Penyakit paru obstruktif kronis (PPOK) ditandai dengan obstruksi aliran udara
yang buruk dan inflamasi abnormal di paru-paru. Inflamasi tersebut merupakan
suatu representatif dari adanya respon imun innate dan adaptif terhadap partikel
dan/atau gas berbahaya, seperti asap rokok. Umumnya, semua perokok mengalami
inflamasi pada parunya, tetapi klien yang mengembangkan PPOK memiliki
respon yang sensitif atau abnormal saat menghirup agen beracun. Respon ini dapat
menyebabkan bronkitis kronis, emfisema, asma, serta bronkiolitis. Perubahan
patologis tersebut menyebabkan meningkatnya resistensi aliran udara pada zona
konduksi, terperangkapnya udara pada alveolus, dan sebagainya. Pada LTM ini,
saya akan membahas mengenai patofisiologi PPOK, bagaimana bisa terjadinya
gangguan fungsi organ pada penderita.
Penyakit yang terjadi pada PPOK umumnya adalah kombinasi dari emfisema dan
bronkitis kronik, namun terdapatnya bronkitis kronik tidak selalu menandakan
akan terjadinya emfisema, dan sebaliknya.
I. Emfisema
Emfisema dikarakteristikan dengan adanya pembesaran permanen pada
bronkiolus terminal bagian distal, yang disertai dengan adanya
penghancuran dinding sel tanpa adanya fibrosis (pembentukan jaringan
fibrin). Terjadinya inflamasi pada paru merupakan respon normal bagi
klien PPOK saat menghirup partikel berbahaya. Hal ini akan menyebabkan
kerusakan jaringan, menurunkan mekanisme pertahanan yang mengatasi
kerusakan tersebut, dan gangguan mekanisme repair.
III. Asma
Asma adalah sebuah penyakit peradangan kronis yang terjadi pada saluran
pernapasan, serta hiperreaktif bronkus. Tanda-tanda asma, yaitu meliputi
obstruksi jalan napas secara intermiten dan reversibel, peradangan bronkial
kronis dengan eosinofil, hipertrofi sel otot polos bronkial dan
hiperreaktivitas, serta peningkatan sekresi lendir.

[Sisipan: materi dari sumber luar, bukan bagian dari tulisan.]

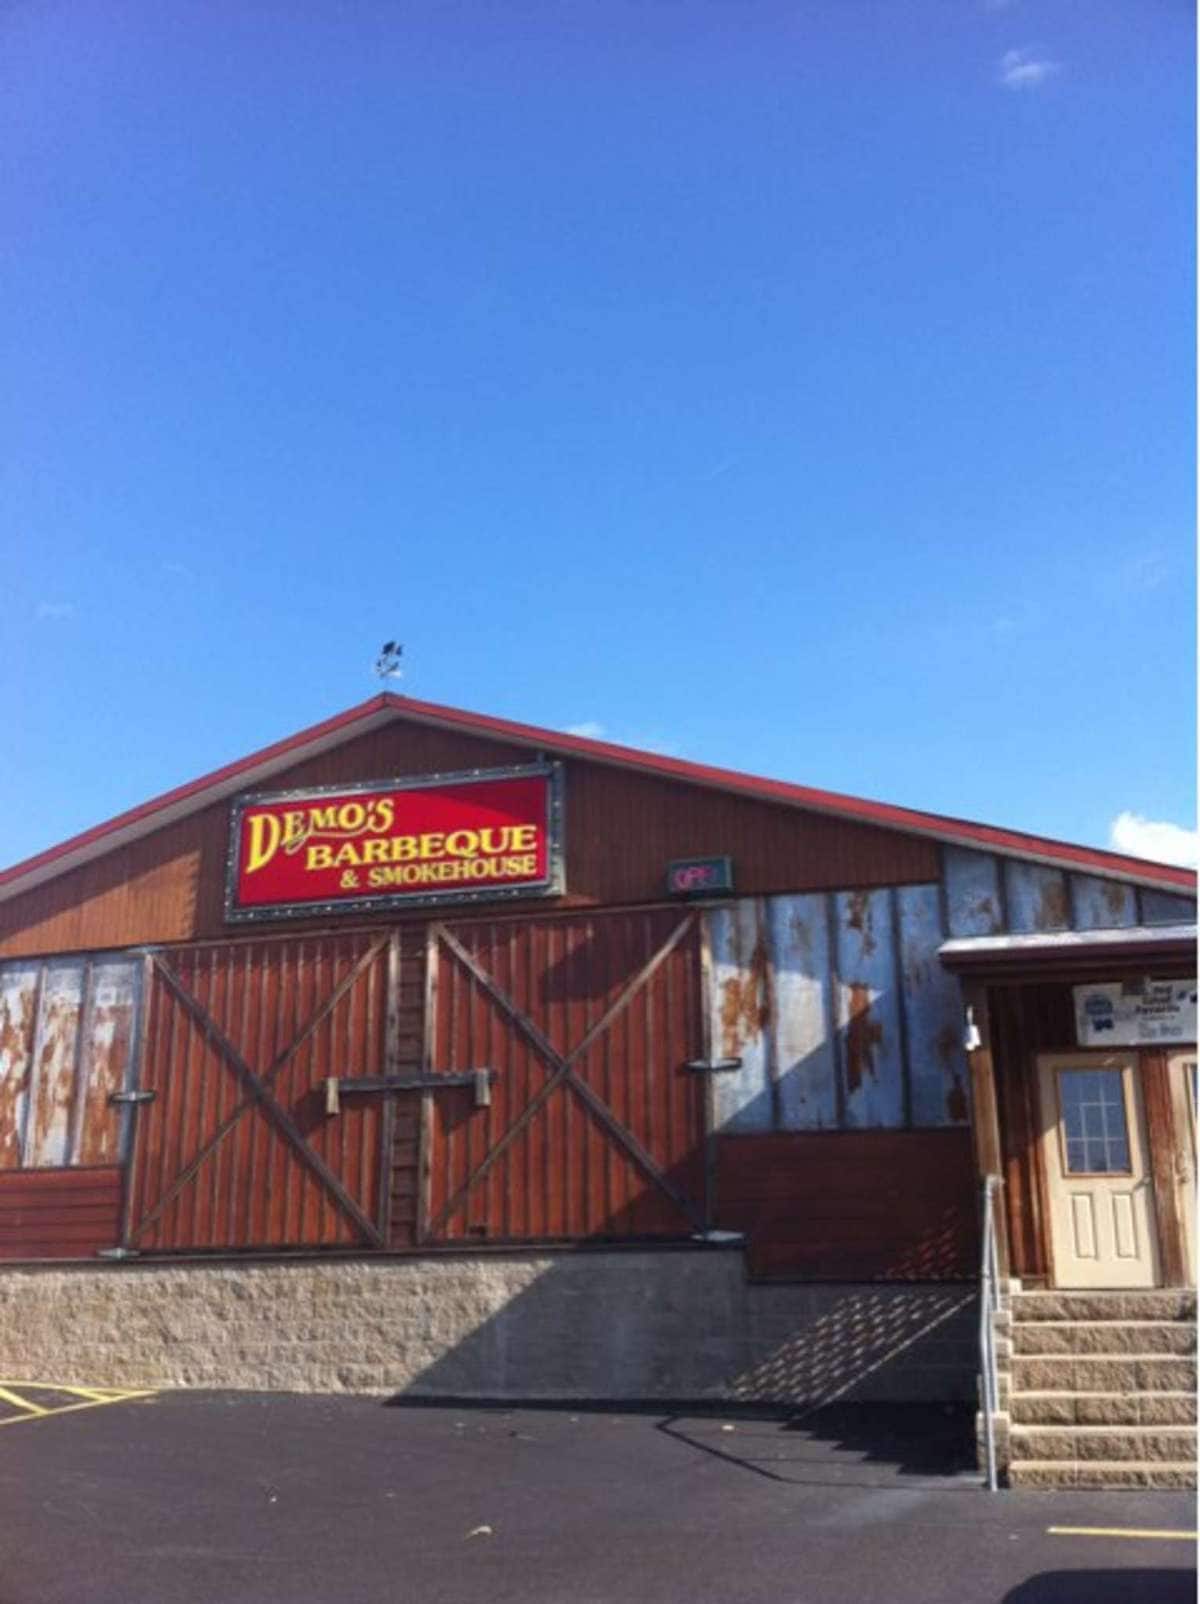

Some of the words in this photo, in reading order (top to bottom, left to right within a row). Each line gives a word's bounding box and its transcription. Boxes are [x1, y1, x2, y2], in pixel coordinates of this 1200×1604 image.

Saluran pernapasan yang mengalami asma ditandai dengan adanya
akumulasi mukus pada lumen bronkus karena meningkatnya sel goblet
pada mukosa dan hipertrofi pada kelenjar submukosa, inflamasi kronik
secara intens (ditandai dengan terdapat banyak eosinofil, makrofag, dan
sel-sel radang lainnya), penebalan membran basal, serta hipertrofi dan
hiperplasia pada sel otot polos.
Mekanisme:
- Alergen (antigen) yang terhirup menimbulkan respons yang
didominasi oleh TH2 yang mendukung produksi IgE dan
perekrutan eosinofil
- Paparan ulang ke antigen (Ag), memicu reaksi langsung oleh ikatan
silang antara IgE dan reseptor Fc pada sel mast. Sel-sel ini akan
melepaskan mediator (histamin, prostaglandin D2, leukotrien;
LTC4, D4, dan E4, serta refleks neuron). Refleks neuron akan
menyebabkan bronkospasme (penyempitan saluran pernafasan
menuju paru-paru atau bronkus akibat mengencangnya otot-otot
dinding bronkial yang melapisinya / bronkokonstriksi),
meningkatkan permeabilitas vaskuler, produksi mukus, serta
perekrutan leukosit.
→ dinamakan early-phase reaction : didominasi oleh
bronkokonstriksi, peningkatan produksi mukus, dan vasodilatasi.
- Leukosit (neutrofil, eosinofil, dan basofil; limfosit dan monosit)
melepaskan mediator tambahan lainnya, sebagai tanda mulainya
late phase of asthma. Faktor-faktor yang dilepaskan oleh eosinofil
menyebabkan kerusakan pada sel epitel.
IV. Bronkiektasis
Keadaan dimana terjadinya dilatasi permanen pada bronkus dan
bronkiolus, yang disebabkan oleh kerusakan otot polos dan jaringan
elastis. Bronchiectasis bukan merupakan sebuah penyakit primer, ia akan
selalu muncul sebagai penyakit sekunder yang dihasilkan dari infeksi
secara terus menerus (infeksi kronik) atau kerusakan yang disebabkan oleh
berbagai kondisi. Klien yang menderita bronchiectasis akan mengalami
gejala yang cukup kompleks, meliputi batuk dan pengeluaran dahak
purulen (mucopurulent) dalam jumlah yang berlebihan.